HSTS
HTTP Strict Transport Security. A response header that tells browsers 'never load this domain over plain HTTP again'. Forces HTTPS-only.
HSTS (HTTP Strict Transport Security, RFC 6797) is an HTTP response header that tells browsers to refuse plain HTTP for your domain. Once a browser sees the header, every future request to your domain auto-upgrades to HTTPS, even if the user types http://.
Strict-Transport-Security: max-age=31536000; includeSubDomains; preload
max-age=31536000— remember this for one year.includeSubDomains— applies to all subdomains too.preload— opt into the HSTS preload list (more on that below).
Why HSTS matters
Without HSTS, a man-in-the-middle attacker on the network can intercept the FIRST request a user makes to your domain (the one before the redirect to HTTPS) and strip the redirect. HSTS removes that window: after the first HTTPS visit, the browser will never make a plain HTTP request to your domain again.
The HSTS preload list
Submit your domain to hstspreload.org and Chrome, Firefox, Safari, Edge ship with your domain already on the list. Even a first-time visitor on a fresh browser hits HTTPS only. No vulnerable first request.
To preload, you need:
- A valid HTTPS cert at the apex.
- HSTS header with
max-age >= 31536000(1 year),includeSubDomains, andpreload. - All subdomains also working over HTTPS.

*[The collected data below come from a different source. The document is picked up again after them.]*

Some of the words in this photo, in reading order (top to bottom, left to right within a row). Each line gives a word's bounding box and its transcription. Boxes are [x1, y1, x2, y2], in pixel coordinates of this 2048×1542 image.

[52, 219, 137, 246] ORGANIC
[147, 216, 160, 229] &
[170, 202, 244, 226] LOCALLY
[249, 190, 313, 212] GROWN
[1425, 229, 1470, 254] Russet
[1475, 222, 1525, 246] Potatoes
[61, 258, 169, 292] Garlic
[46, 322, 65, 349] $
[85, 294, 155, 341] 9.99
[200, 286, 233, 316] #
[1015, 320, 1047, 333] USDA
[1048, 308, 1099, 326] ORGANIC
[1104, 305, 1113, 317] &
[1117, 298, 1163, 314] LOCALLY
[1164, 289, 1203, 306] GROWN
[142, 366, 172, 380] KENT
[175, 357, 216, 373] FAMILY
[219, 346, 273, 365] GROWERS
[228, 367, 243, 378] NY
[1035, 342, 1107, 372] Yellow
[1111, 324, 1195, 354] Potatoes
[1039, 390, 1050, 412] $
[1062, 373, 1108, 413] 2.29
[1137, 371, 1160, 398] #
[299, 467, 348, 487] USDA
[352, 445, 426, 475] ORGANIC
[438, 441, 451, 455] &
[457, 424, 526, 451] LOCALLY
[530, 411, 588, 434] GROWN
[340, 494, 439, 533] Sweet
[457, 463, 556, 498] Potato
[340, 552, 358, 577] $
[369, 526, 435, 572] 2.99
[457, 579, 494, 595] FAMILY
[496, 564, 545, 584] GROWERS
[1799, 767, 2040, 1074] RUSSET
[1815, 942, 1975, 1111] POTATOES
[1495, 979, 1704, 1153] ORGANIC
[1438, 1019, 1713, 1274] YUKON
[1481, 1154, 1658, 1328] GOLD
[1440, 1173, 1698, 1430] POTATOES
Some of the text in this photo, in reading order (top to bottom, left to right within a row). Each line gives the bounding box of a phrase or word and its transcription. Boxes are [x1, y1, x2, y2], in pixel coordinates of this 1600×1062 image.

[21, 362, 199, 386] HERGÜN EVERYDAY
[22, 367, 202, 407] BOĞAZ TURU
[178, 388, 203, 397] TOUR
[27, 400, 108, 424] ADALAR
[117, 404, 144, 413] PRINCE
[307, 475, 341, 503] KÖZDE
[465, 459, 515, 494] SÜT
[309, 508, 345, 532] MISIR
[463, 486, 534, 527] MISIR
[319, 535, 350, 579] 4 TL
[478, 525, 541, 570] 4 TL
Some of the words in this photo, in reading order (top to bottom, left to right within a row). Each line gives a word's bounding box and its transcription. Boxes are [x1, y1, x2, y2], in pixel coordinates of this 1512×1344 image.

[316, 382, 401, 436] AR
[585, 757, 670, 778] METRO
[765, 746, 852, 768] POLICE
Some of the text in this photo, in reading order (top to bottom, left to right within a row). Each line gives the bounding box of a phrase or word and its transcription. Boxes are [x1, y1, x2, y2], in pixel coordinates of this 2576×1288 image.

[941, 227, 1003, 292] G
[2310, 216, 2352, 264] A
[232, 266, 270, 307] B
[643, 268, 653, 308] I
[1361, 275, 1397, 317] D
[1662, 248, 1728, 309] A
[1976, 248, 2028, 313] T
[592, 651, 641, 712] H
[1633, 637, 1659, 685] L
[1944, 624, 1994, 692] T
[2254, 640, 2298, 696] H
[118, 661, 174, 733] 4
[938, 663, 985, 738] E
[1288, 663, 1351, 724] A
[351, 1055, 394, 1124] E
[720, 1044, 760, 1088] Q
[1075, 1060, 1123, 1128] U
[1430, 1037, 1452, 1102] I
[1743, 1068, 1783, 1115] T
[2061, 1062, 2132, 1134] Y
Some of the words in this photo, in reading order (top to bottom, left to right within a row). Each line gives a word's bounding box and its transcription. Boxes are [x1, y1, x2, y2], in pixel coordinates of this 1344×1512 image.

HSTS for SaaS custom domains
If your SaaS sets HSTS headers on responses served for customer domains, and includeSubDomains is set, you're committing the customer's domain to HTTPS-only forever (within the max-age window).
Be careful: a customer with a non-HTTPS subdomain elsewhere (e.g., legacy.acme.com on a different platform) will break for users whose browser has cached your HSTS policy. Either don't set includeSubDomains on customer domains, or make sure customers know what they're opting into.